Prove that T is self-adjoint

Question

Define the linear operator $T:\ell^2 \to\ell^2 $ by $$T(x_1,x_2,x_3,...)= \left(x_1,\frac{1}{2}x_2,\frac{1}{3}x_3,...\right)$$

I need to show that T is self-adjoint.
I know that T is self-adjoint iff $\langle Tx,x\rangle \in \mathbb{R}$, so I tried to check this. I am not sure I did it correctly: $$\langle Tx,x\rangle= \sum_{k=1}^{\infty}\,(Tx)_k\,\overline{x_k}= \left(x_1,\frac{1}{2}x_2,\frac{1}{3}x_3,\dots\right) \cdot (\,\overline{x_1},\overline{x_2},\overline{x_3},\dots\,) \\ =x_1\overline{x_1}+\frac12 x_2\overline{x_2}+\frac13x_3\overline{x_3} +\dots$$ Since $x_n\overline{x_n} \in \mathbb{R}$ for all $n\in \mathbb{N}$ we conclude that $\langle Tx,x\rangle \in \mathbb{R}$, so T is self-adjoint.

Is this correct?

Answer 1

This would more be a comment, but I am not allowed to do so yet.

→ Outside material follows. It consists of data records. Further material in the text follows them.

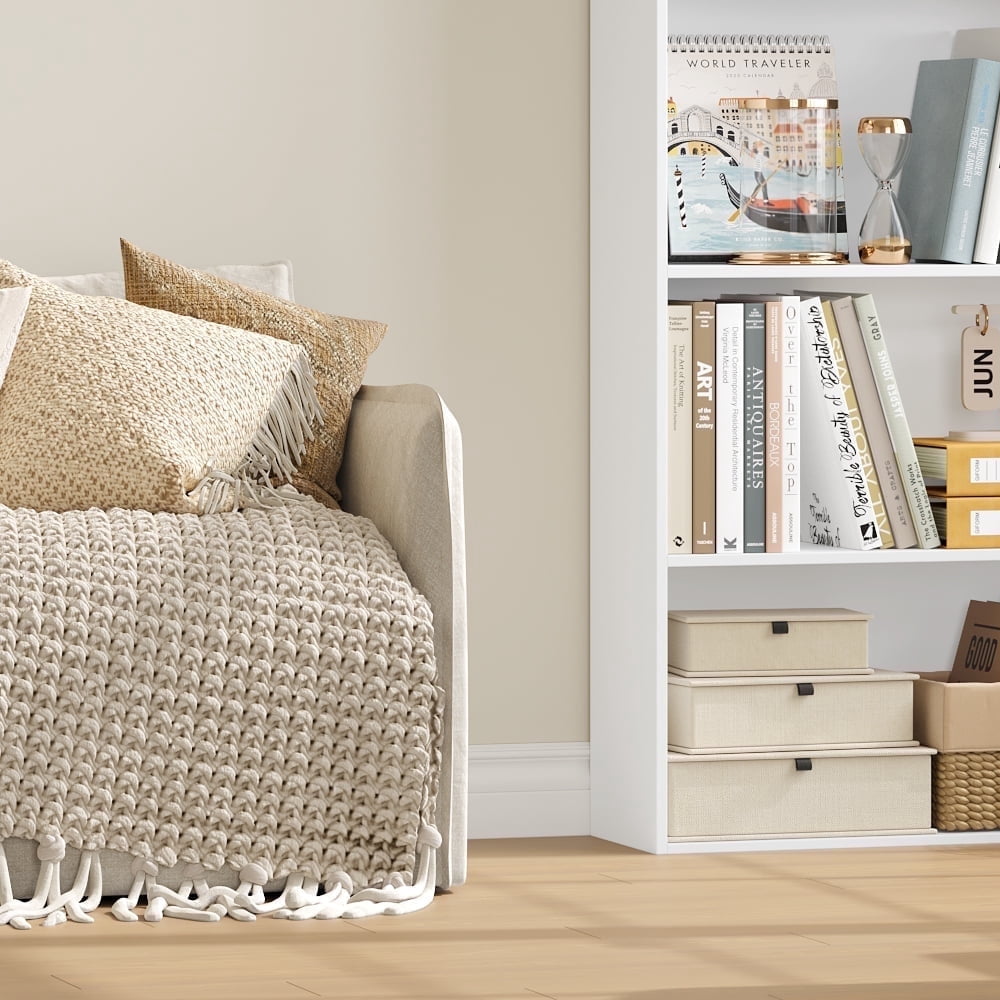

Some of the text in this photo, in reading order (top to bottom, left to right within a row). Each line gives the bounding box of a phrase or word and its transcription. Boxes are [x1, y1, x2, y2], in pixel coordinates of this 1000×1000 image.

[687, 59, 811, 68] WORLD TRAVELER
[721, 327, 729, 354] Virginia
[731, 326, 739, 346] Detail
[868, 314, 882, 341] GRAY
[677, 380, 685, 408] Knitting
[697, 361, 713, 401] ART
[730, 360, 739, 406] Contemporary
[877, 350, 904, 418] JASPER JOHNS
[974, 349, 993, 398] JUN
[823, 394, 842, 407] of
[731, 409, 739, 448] Residential
[750, 365, 764, 489] ANTIQUAIRES
[769, 402, 780, 468] BORDEAUX
[830, 411, 857, 461] Beauty
[731, 450, 739, 492] Architecture
[842, 463, 870, 518] Terrible
[906, 464, 932, 541] The Crosshatch Works
[965, 635, 998, 673] GOOD

First, you should check if your operator $T$ is well-defined. But, I assume you did that.

Overall, you are on the right way, but somehow your summation symbols are not used correctly.

For instance, instead of $$\sum_{k=1}^{\infty}(x_1,\frac{1}{2}x_2,\frac{1}{3}x_3,...) \cdot (\bar{x_1},\bar{x_2},\bar{x_3},...),$$ I guess you mean $$\sum_{k=1}^{\infty}\frac{1}{k}x_k\bar{x}_k.$$

I also wonder why you have the factors $\frac{1}{4}$ and $\frac{1}{9}$ in the last equation line. Maybe this has been a typo on your side?

Answer 2

T is self-adjoint if $T=T^*$. In the space $\ell^2$ the standard inner product is $$(x,y)=\sum_{n\in\mathbb{N}}x_n\,\overline{y_n}\,,\quad x,y\in\ell^2$$

Thus, let $x,y\in\ell^2$, then

$$(Tx,y)=\sum_{n\in\mathbb{N}}\frac{x_n}{n}\overline{y_n}= \sum_{n\in\mathbb{N}}x_n\frac{\overline{y_n}}{n}=(x,Ty)$$

Therefore, $T$ is self-adjoint.

Note that I used the fact that $\overline{n}=n$ for all $n\in\mathbb{N}$.